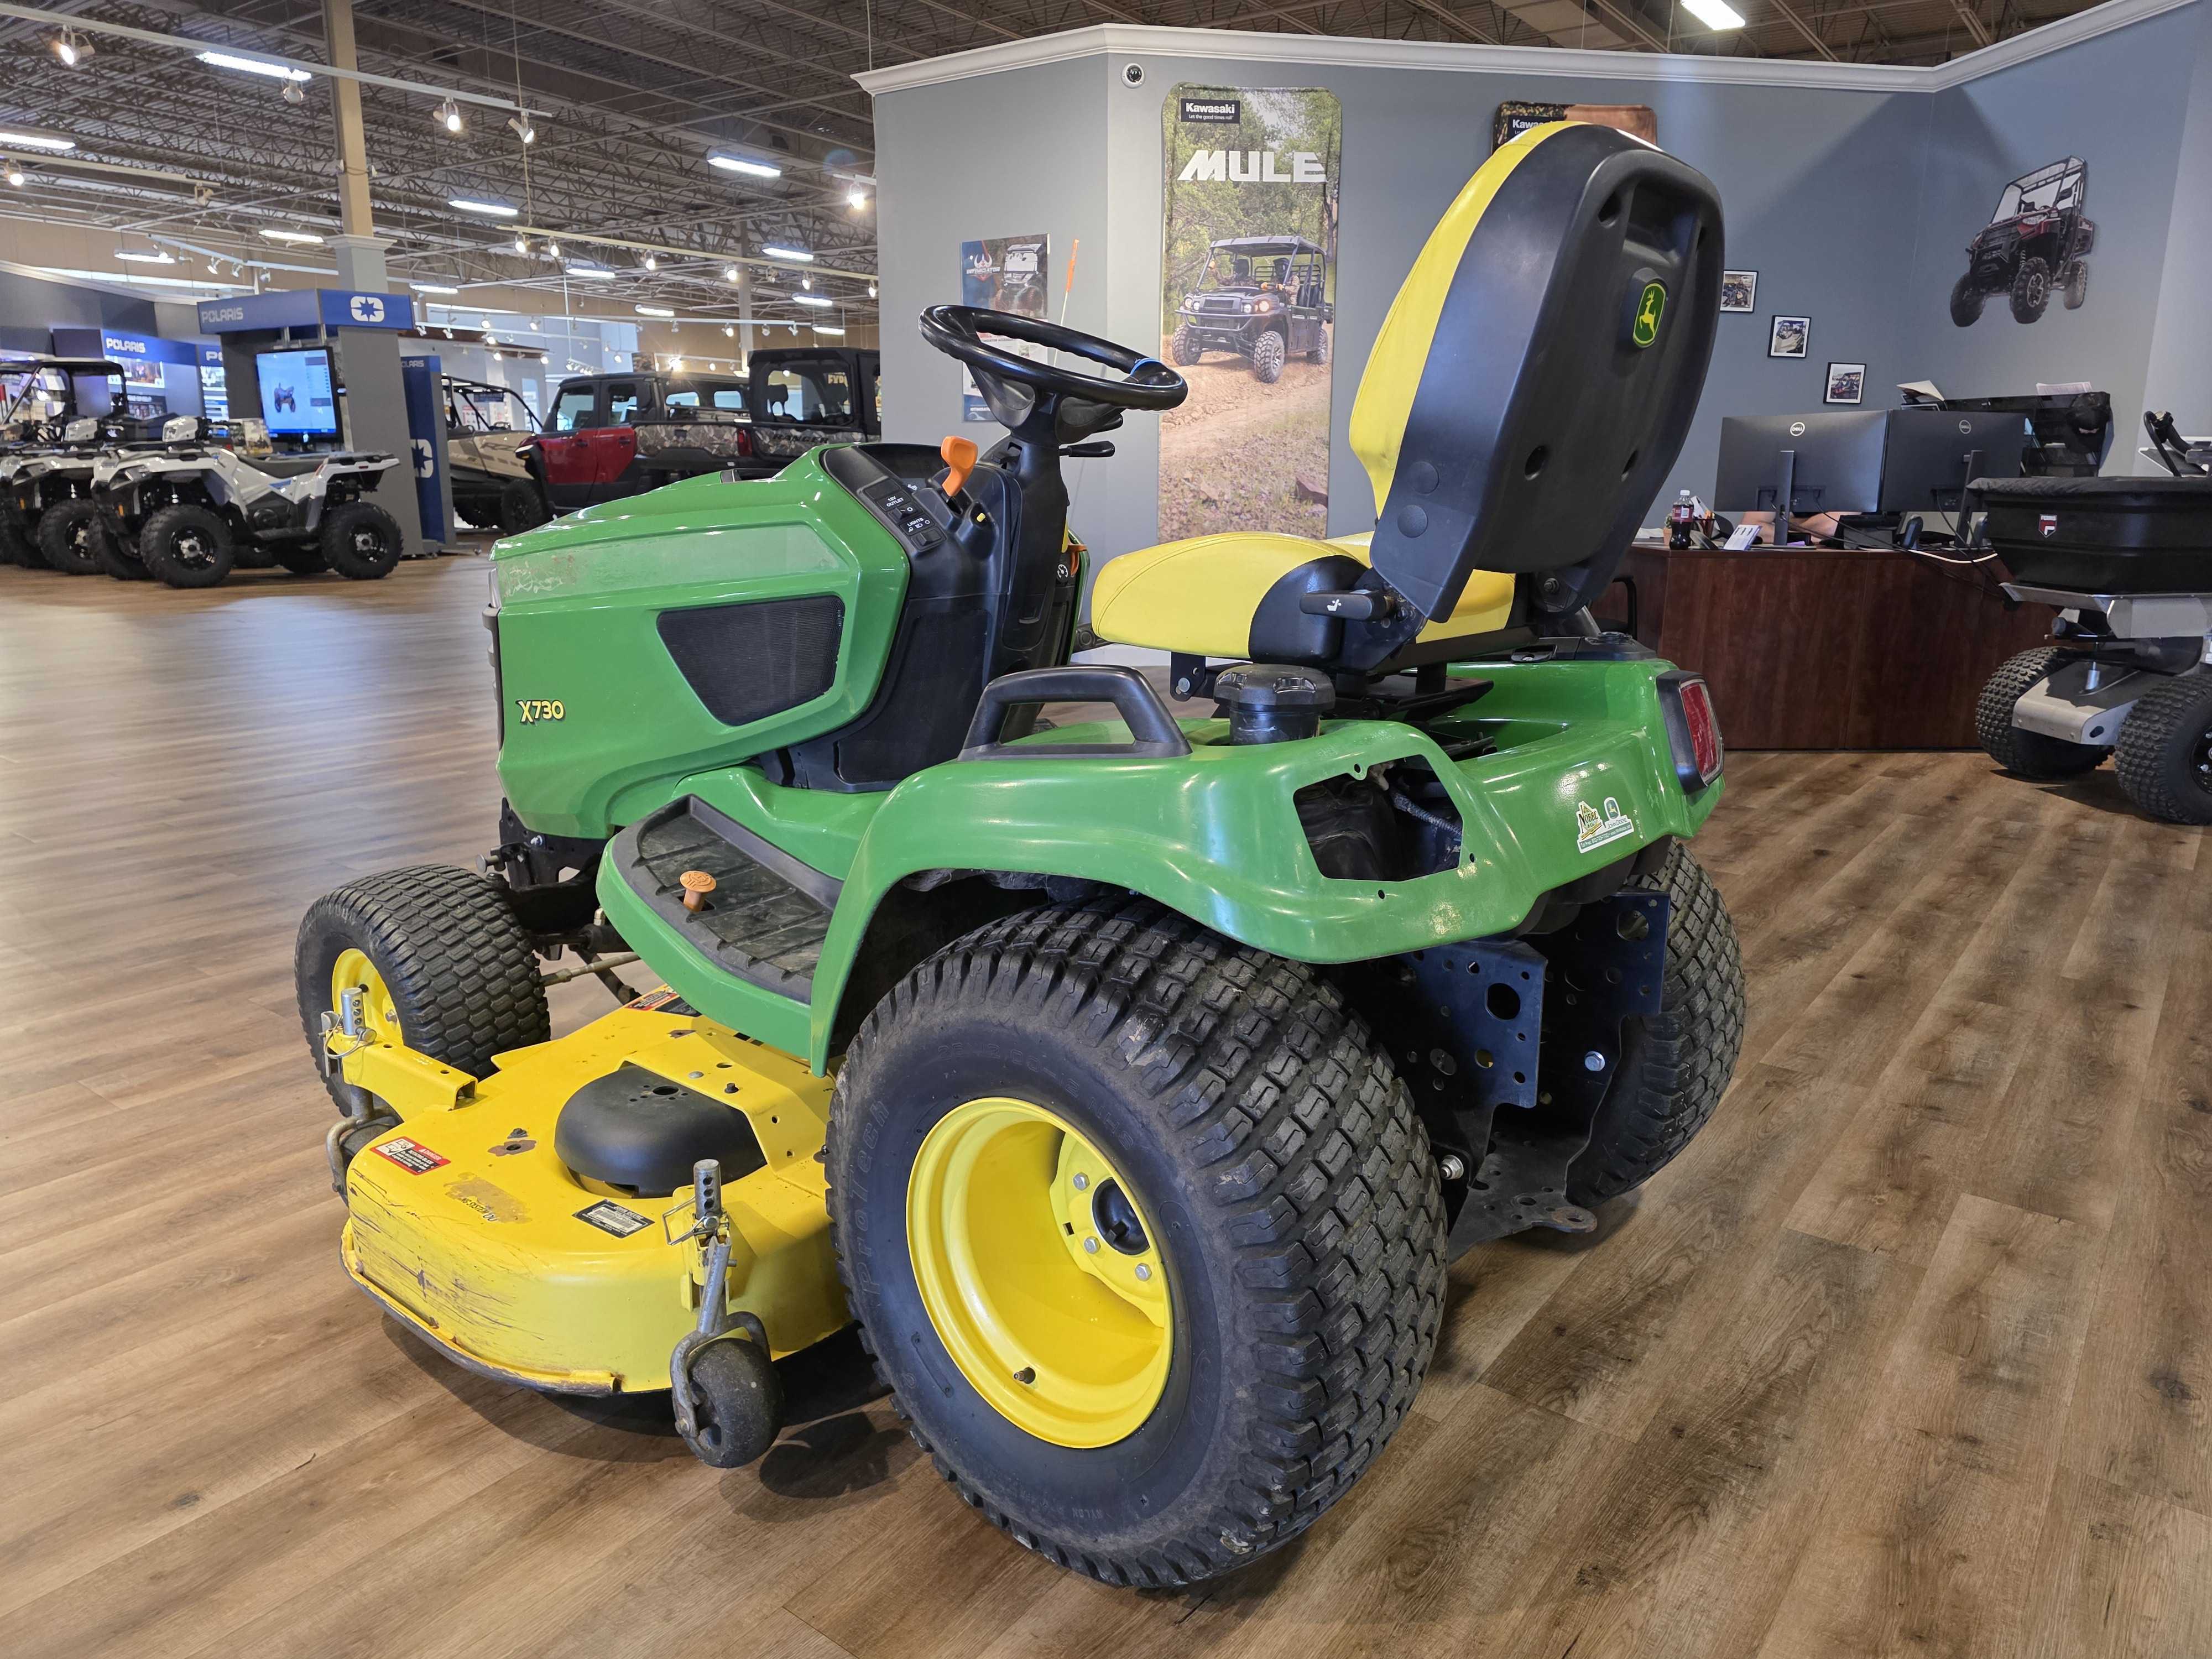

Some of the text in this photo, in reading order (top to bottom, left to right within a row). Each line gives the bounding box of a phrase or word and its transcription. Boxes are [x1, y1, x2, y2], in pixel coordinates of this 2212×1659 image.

[1186, 102, 1235, 113] Kawasaki
[1177, 150, 1328, 182] MULE
[201, 307, 243, 323] POLARIS
[106, 337, 145, 353] POLARIS
[401, 359, 425, 368] OLARIS
[774, 433, 829, 444] RANGER
[886, 497, 904, 507] OUTLET
[907, 518, 924, 527] LIGHTS
[515, 700, 565, 723] X730
[1578, 805, 1598, 834] NOBBE
[424, 1149, 442, 1161] DANGER
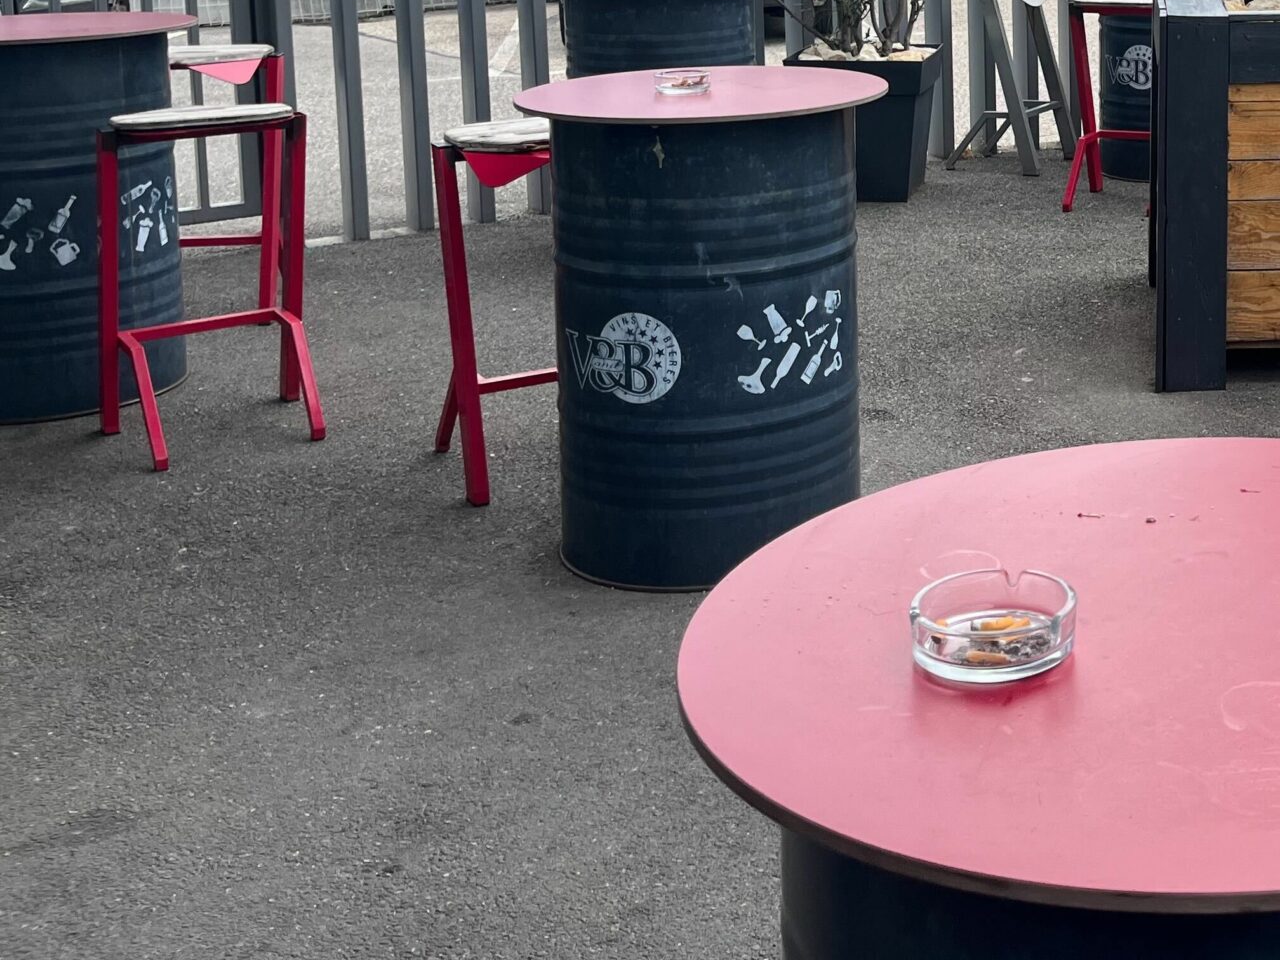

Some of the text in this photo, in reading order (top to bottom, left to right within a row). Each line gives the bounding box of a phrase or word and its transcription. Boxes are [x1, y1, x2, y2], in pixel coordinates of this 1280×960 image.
• • • • • • •
Task brief >> When you copy the records above, keep every word exact but leave out the pictures.

Response >>
Some of the text in this photo, in reading order (top to bottom, left to right within a row). Each line gives the bounding box of a phrase or word and its transcription. Boxes are [x1, y1, x2, y2], in pixel coordinates of this 2212×1659 image.

[1186, 102, 1235, 113] Kawasaki
[1177, 150, 1328, 182] MULE
[201, 307, 243, 323] POLARIS
[106, 337, 145, 353] POLARIS
[401, 359, 425, 368] OLARIS
[774, 433, 829, 444] RANGER
[886, 497, 904, 507] OUTLET
[907, 518, 924, 527] LIGHTS
[515, 700, 565, 723] X730
[1578, 805, 1598, 834] NOBBE
[424, 1149, 442, 1161] DANGER

Some of the text in this photo, in reading order (top to bottom, left to right within a row). Each line gives the bounding box of a phrase or word and its transcription. Boxes are [x1, y1, x2, y2], in pixel coordinates of this 1280×960 image.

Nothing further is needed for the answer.